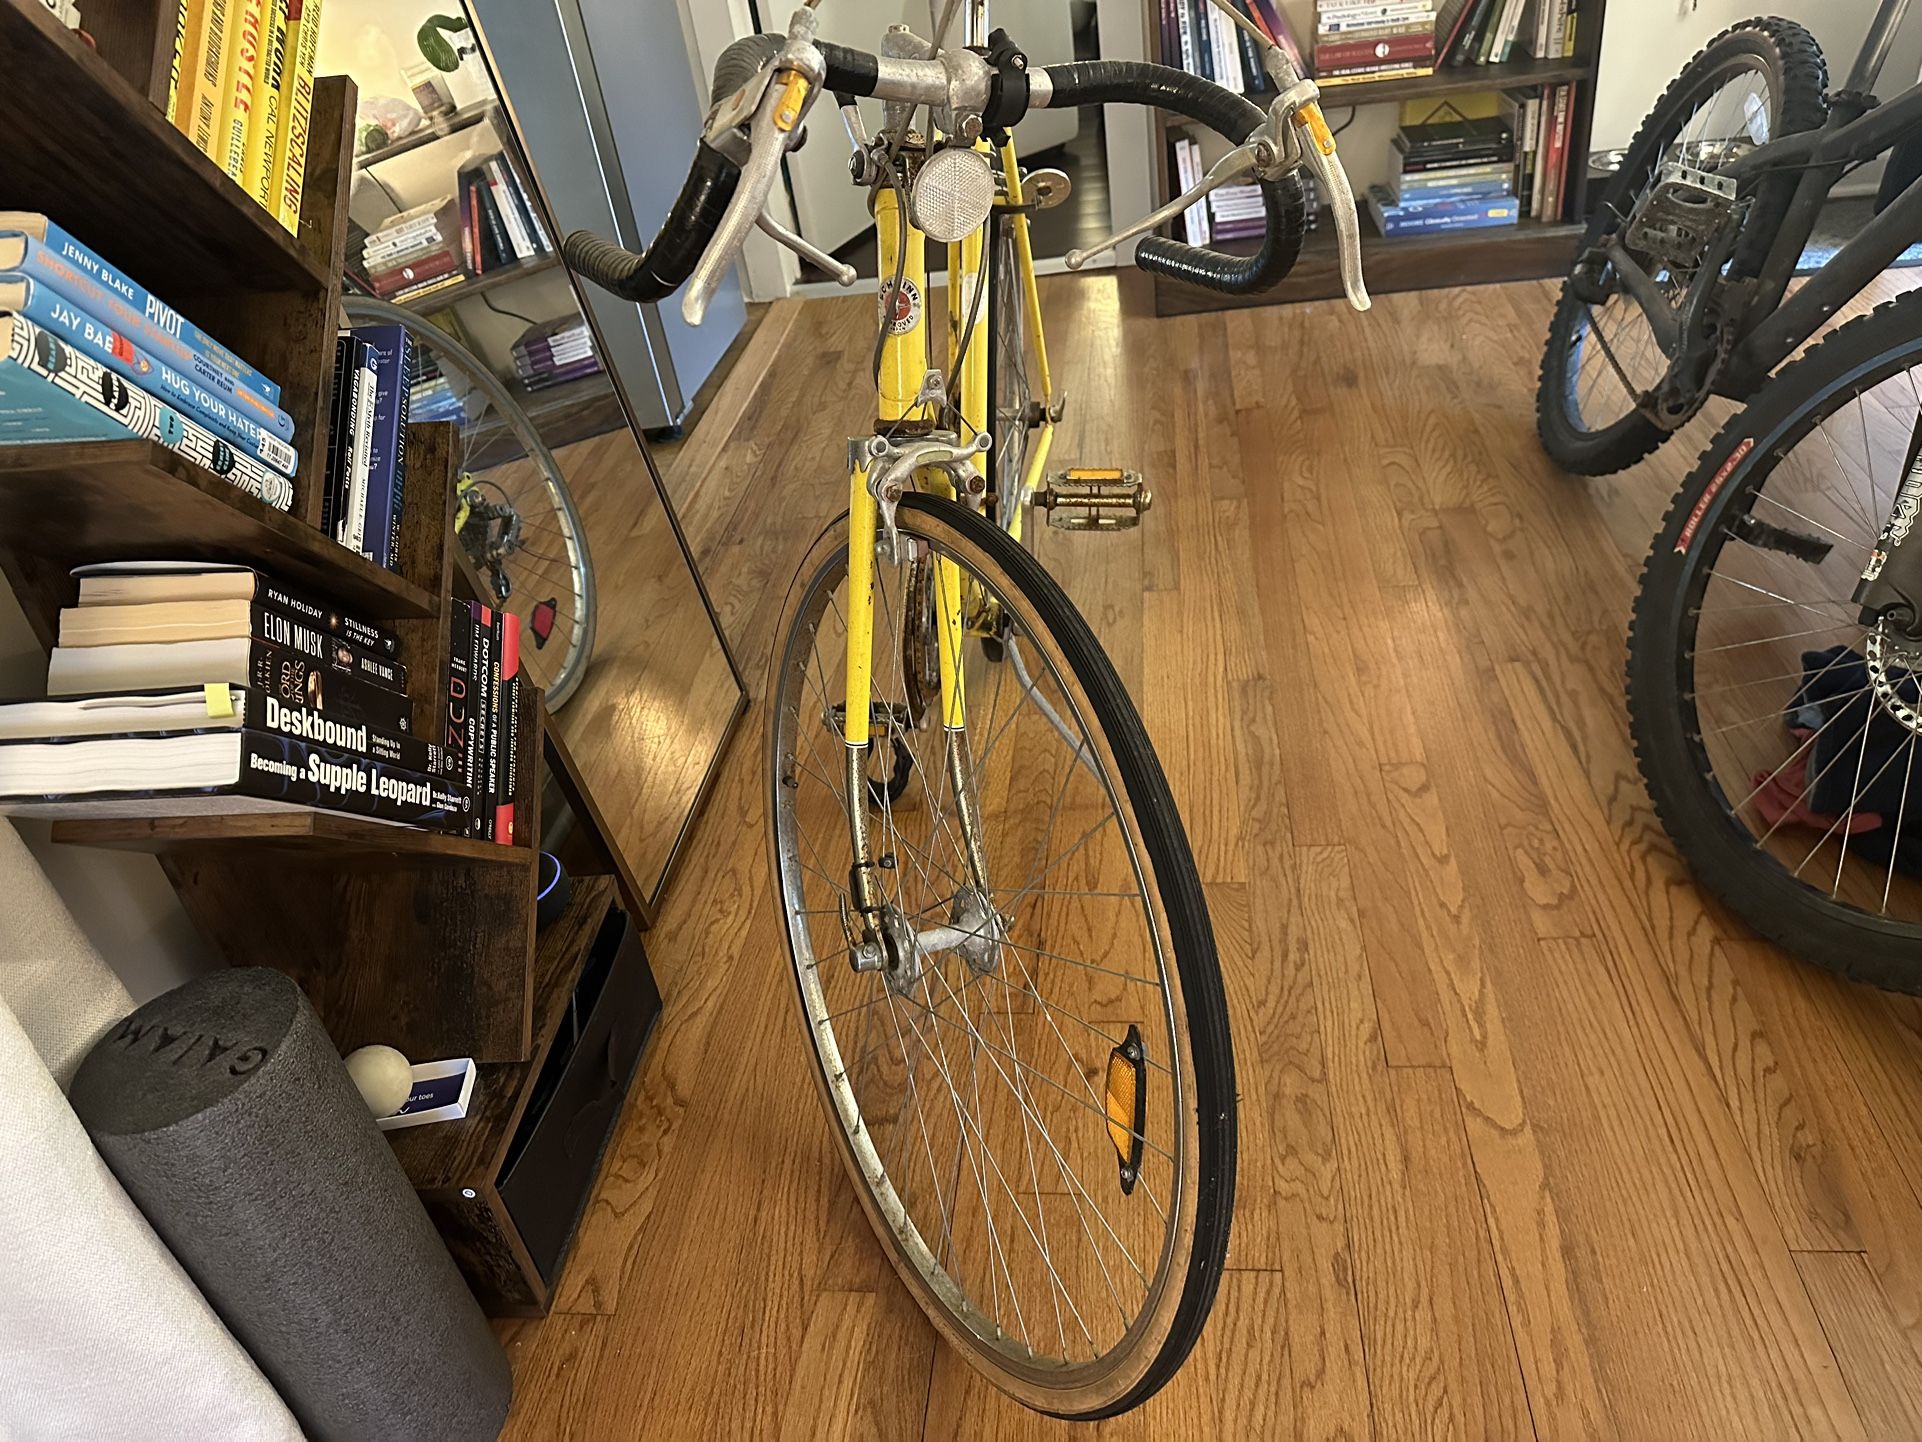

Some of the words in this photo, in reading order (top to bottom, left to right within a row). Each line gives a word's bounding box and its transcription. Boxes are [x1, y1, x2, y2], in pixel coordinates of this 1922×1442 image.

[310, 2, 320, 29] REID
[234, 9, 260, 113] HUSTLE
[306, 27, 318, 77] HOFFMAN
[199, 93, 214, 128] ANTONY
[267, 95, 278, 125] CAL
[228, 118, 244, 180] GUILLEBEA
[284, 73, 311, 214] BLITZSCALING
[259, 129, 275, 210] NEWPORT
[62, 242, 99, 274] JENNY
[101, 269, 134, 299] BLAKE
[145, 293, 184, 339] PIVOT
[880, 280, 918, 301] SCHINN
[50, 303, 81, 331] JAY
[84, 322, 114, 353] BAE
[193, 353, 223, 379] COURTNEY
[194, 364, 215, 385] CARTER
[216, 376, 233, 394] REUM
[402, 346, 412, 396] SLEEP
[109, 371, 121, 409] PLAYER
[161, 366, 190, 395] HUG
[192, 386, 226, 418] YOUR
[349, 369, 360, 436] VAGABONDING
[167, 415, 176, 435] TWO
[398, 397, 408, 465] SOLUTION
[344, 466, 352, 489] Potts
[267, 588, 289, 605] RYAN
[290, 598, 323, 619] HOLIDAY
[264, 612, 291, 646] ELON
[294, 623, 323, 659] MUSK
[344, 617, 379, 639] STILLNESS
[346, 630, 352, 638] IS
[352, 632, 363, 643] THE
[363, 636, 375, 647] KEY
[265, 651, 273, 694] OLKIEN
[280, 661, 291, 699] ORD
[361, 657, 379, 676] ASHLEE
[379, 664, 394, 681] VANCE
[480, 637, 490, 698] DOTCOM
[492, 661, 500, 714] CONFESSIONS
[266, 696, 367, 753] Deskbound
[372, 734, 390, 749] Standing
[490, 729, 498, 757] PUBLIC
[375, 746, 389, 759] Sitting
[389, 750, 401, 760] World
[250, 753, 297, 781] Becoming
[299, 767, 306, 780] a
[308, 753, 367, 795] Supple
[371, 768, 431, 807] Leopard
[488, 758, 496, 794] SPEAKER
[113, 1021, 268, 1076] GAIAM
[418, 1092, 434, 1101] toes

ASSIGNMENT: An exact restatement of the entries above is needed; no picture may appear in it.

WRITTEN SOLUTION:
Some of the words in this photo, in reading order (top to bottom, left to right within a row). Each line gives a word's bounding box and its transcription. Boxes are [x1, y1, x2, y2], in pixel coordinates of this 1922×1442 image.

[310, 2, 320, 29] REID
[234, 9, 260, 113] HUSTLE
[306, 27, 318, 77] HOFFMAN
[199, 93, 214, 128] ANTONY
[267, 95, 278, 125] CAL
[228, 118, 244, 180] GUILLEBEA
[284, 73, 311, 214] BLITZSCALING
[259, 129, 275, 210] NEWPORT
[62, 242, 99, 274] JENNY
[101, 269, 134, 299] BLAKE
[145, 293, 184, 339] PIVOT
[880, 280, 918, 301] SCHINN
[50, 303, 81, 331] JAY
[84, 322, 114, 353] BAE
[193, 353, 223, 379] COURTNEY
[194, 364, 215, 385] CARTER
[216, 376, 233, 394] REUM
[402, 346, 412, 396] SLEEP
[109, 371, 121, 409] PLAYER
[161, 366, 190, 395] HUG
[192, 386, 226, 418] YOUR
[349, 369, 360, 436] VAGABONDING
[167, 415, 176, 435] TWO
[398, 397, 408, 465] SOLUTION
[344, 466, 352, 489] Potts
[267, 588, 289, 605] RYAN
[290, 598, 323, 619] HOLIDAY
[264, 612, 291, 646] ELON
[294, 623, 323, 659] MUSK
[344, 617, 379, 639] STILLNESS
[346, 630, 352, 638] IS
[352, 632, 363, 643] THE
[363, 636, 375, 647] KEY
[265, 651, 273, 694] OLKIEN
[280, 661, 291, 699] ORD
[361, 657, 379, 676] ASHLEE
[379, 664, 394, 681] VANCE
[480, 637, 490, 698] DOTCOM
[492, 661, 500, 714] CONFESSIONS
[266, 696, 367, 753] Deskbound
[372, 734, 390, 749] Standing
[490, 729, 498, 757] PUBLIC
[375, 746, 389, 759] Sitting
[389, 750, 401, 760] World
[250, 753, 297, 781] Becoming
[299, 767, 306, 780] a
[308, 753, 367, 795] Supple
[371, 768, 431, 807] Leopard
[488, 758, 496, 794] SPEAKER
[113, 1021, 268, 1076] GAIAM
[418, 1092, 434, 1101] toes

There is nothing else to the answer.